Yesterday we had a graduate student poster competition. These things are the bane of my existence. For those who have not experienced academic posters they are not what you might expect…the best word to describe them would be…boring. They tend to be full of charts and figures (mine included) with equations and all the junk without much frill or interest. But of course, the university determined that it would be great to get all the grad students together to show their research in one place…perfect. In my almost four years here, I’ve presented posters at 7 academic meetings…I don’t need this, but of course, its mandatory for the department. I oblige and explain my poster to computer science students who have no idea what I’m talking about and then some physicist can lecture me on the intricacies of field theory and the design of wi-fi receivers (while I contemplate what I might have for lunch). Its all really quite useful. To put things in perspective, the woman next to me studies mouse reproductive biology and a certain math PROFESSOR stopped her in the middle of her talk with the brutally insightful question… “Mice have EGGS?!?!?”

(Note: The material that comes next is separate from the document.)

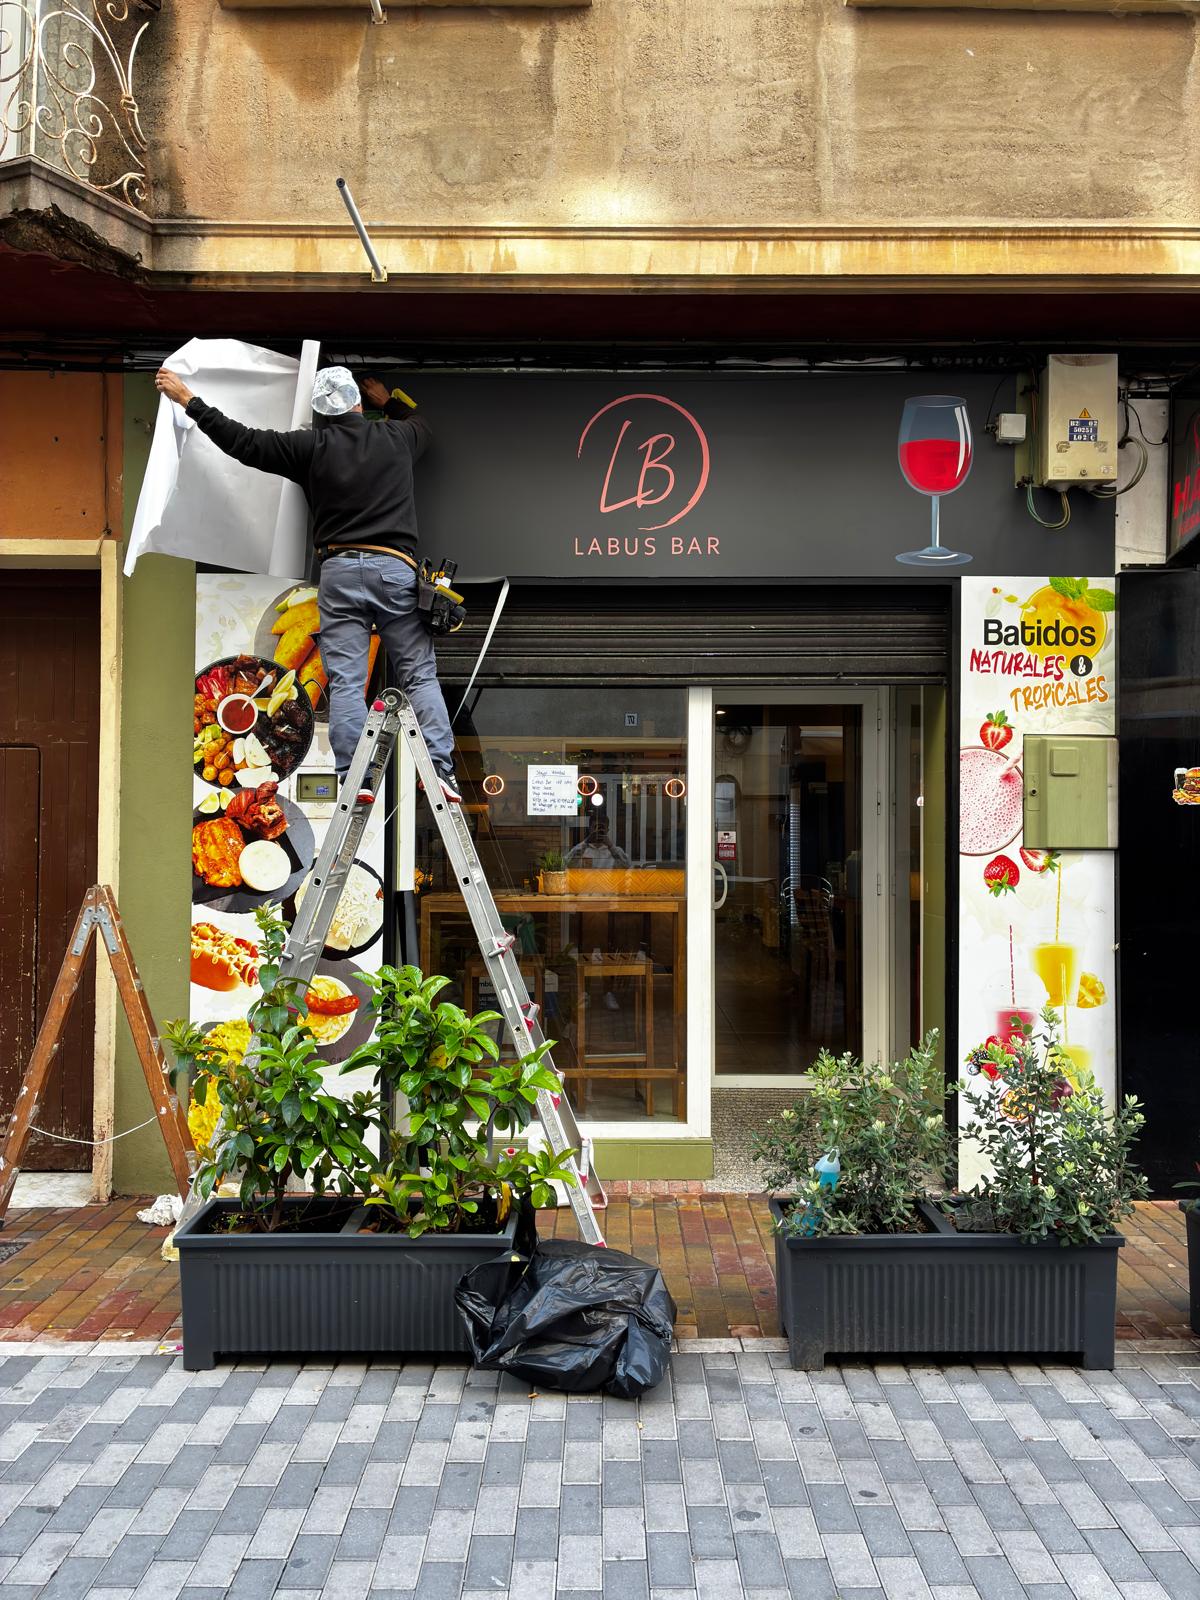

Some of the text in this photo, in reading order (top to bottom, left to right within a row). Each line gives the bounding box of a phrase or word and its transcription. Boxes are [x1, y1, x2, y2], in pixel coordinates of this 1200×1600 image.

[575, 537, 720, 556] LABUS BAR
[983, 619, 1096, 647] Batidos
[969, 648, 1065, 682] NATURALES

Yes sir they do…and so does your wife…just ask her. Anyways, in the process of all this, my department head showed up for a brief visit. He is somewhat akin to a used car salesman. In that you know he is lying to you and he is trying hard to hide the fact that as soon as you turn your back he will screw you over with a wink and a smile. All in all, a born leader that we are lucky to have…or not. He mentioned off hand that he heard my upcoming conference was in finland. I said yes and he asked if I was going anywhere else. I said I was planning on Amsterdam and elsewhere. The conversation that followed was (paraphrased for convenience and clarity…it might have been a little different in reality)

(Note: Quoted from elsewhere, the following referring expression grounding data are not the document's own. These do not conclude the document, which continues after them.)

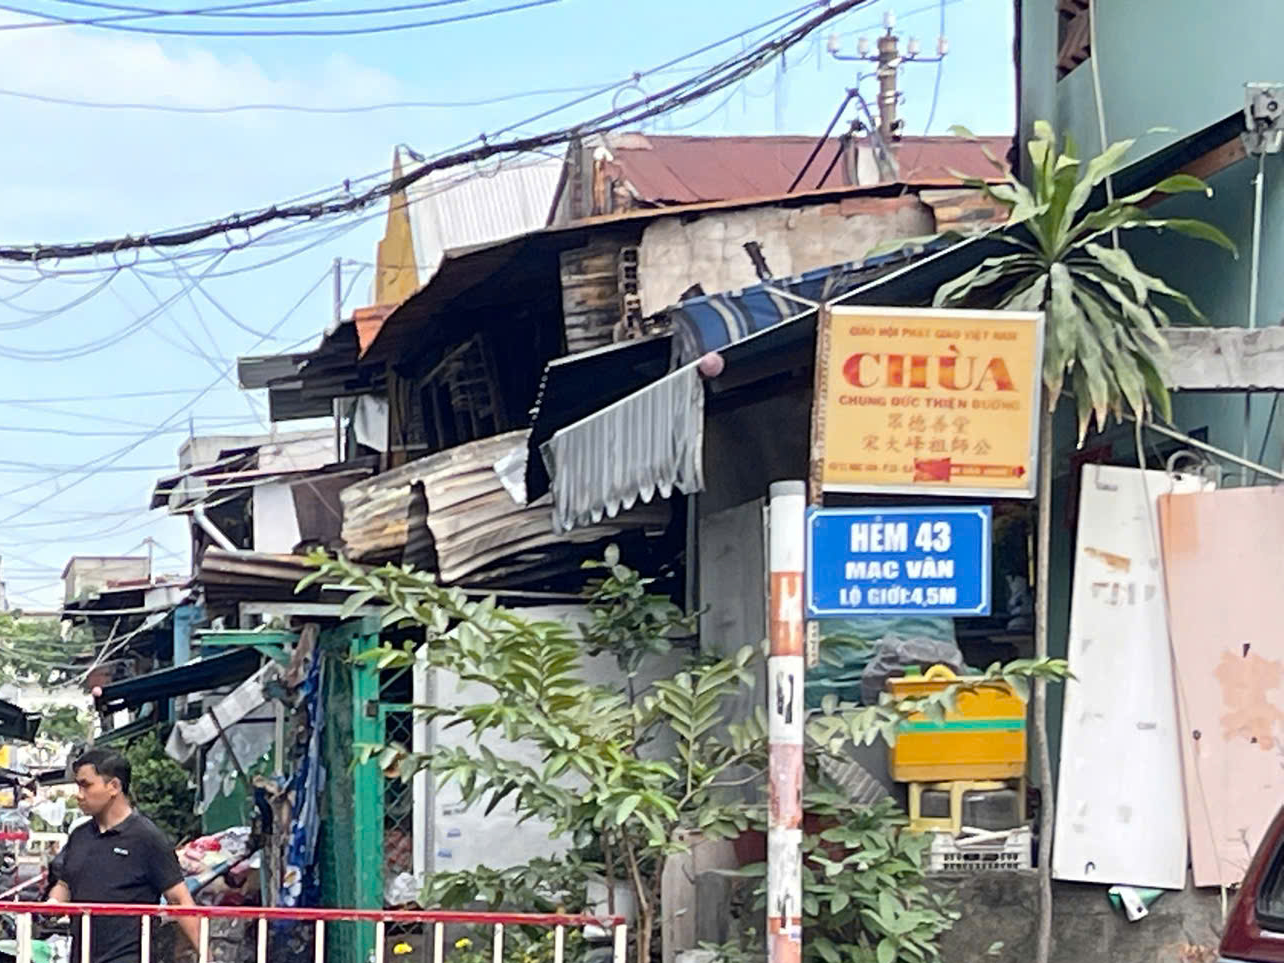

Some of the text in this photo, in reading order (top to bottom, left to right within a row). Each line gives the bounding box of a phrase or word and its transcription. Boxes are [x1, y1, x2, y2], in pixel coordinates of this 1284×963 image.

[842, 344, 1019, 392] CHÙA
[839, 394, 887, 407] CHUNG
[850, 516, 952, 553] HẺM 43
[845, 556, 955, 584] MẠC VÂN
[839, 585, 862, 608] LỘ

Department Head: Amsterdam eh…
Me: What are you Canadian??? I mean, yes…Amsterdam
DH: I’ve been there a few times (winks at me)
Me: Please don’t wink at me it freaks me out. Anyways, how did you like it.

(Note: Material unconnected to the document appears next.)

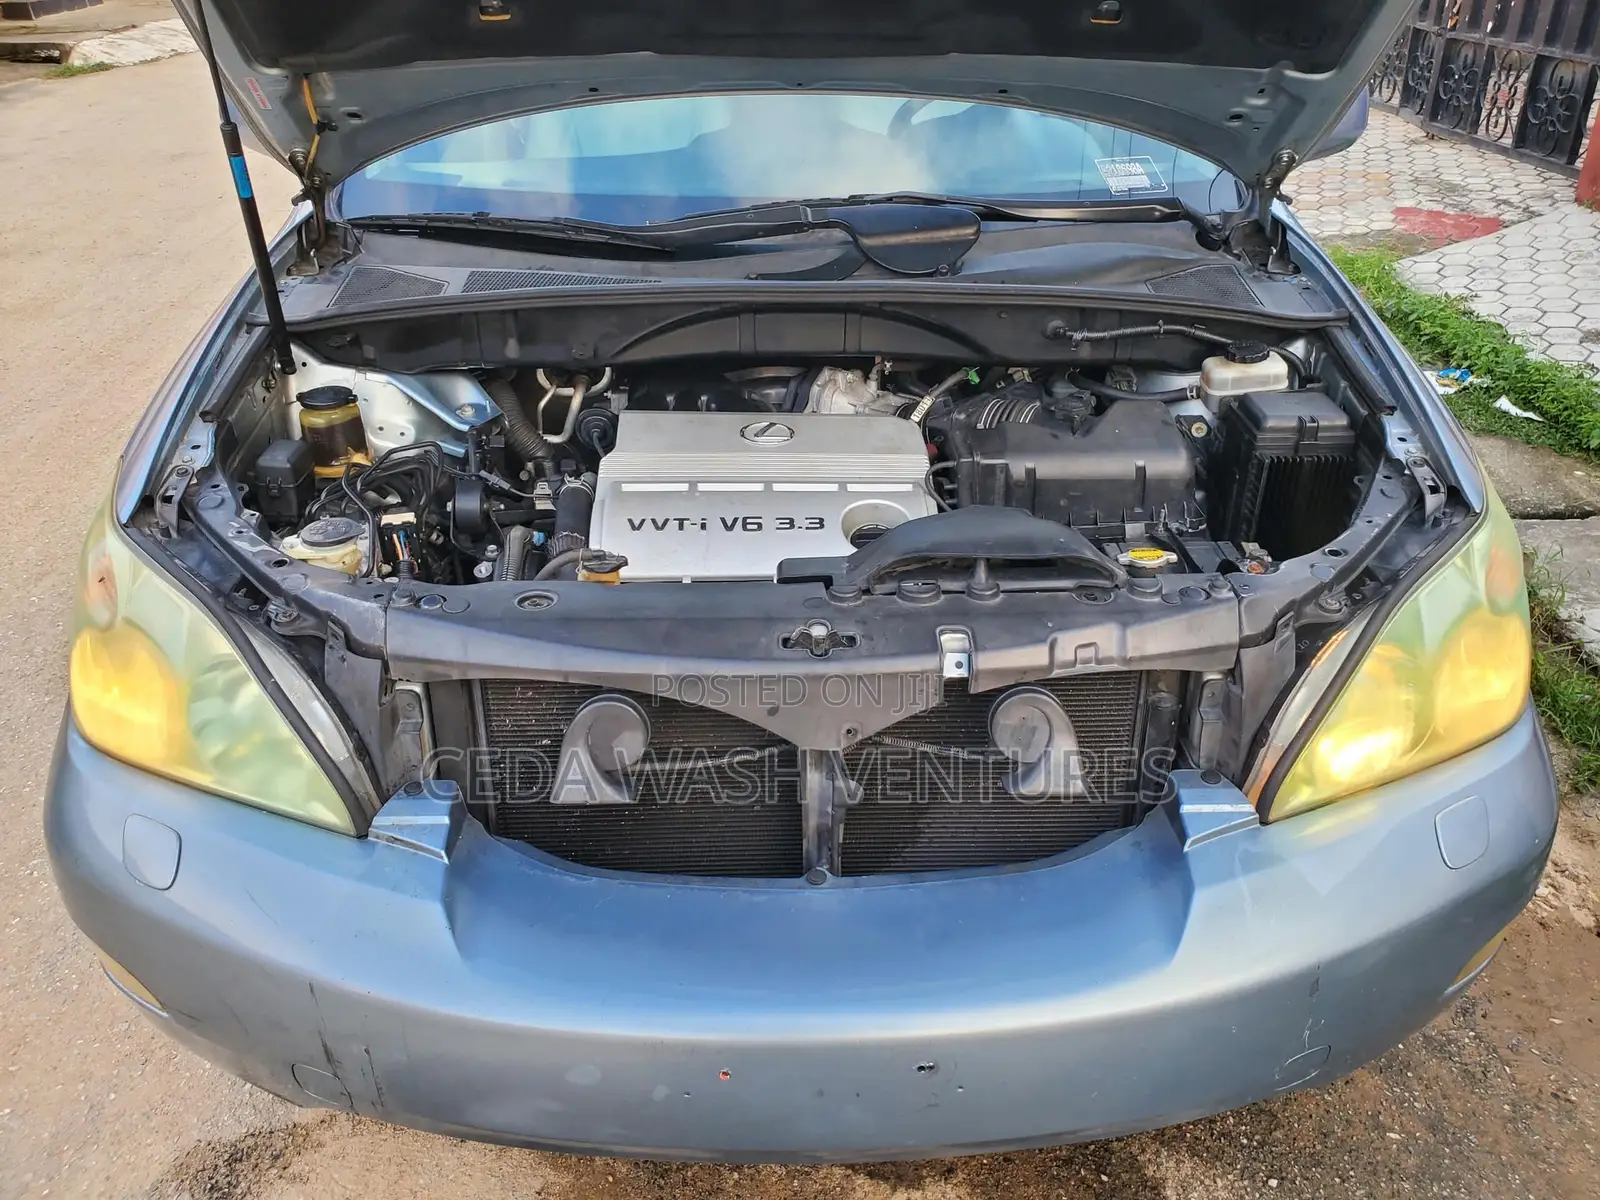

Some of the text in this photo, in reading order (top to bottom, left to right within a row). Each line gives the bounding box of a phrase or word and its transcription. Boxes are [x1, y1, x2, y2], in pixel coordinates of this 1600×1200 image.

[627, 516, 826, 532] VVT-i V6 3.3

DH: Oh, I liked it very much…you make sure you stop by my office before you go and I’ll show you a few things
Me: Are you a catholic priest in your spare time??? I mean, OK I’ll be sure to do that
DH: I think you’ll really like it if you know where to go
Me: Ummm, I’m not sure I know what that means but if you are referring to hookers or elicit drugs then I might need to go throw up
DH: Oh you know what I mean (winks again).
Me: Gotta go…I think I hear my goldfish calling
So yea, I have a new contender for the most awkward faculty award. I figure by the time I finish this degree I will have a good pool of data to draw on and determine a winner but I would say that the department head is now a close second to my advisor. Time will tell who wins this tight race. Patrick OUT!!!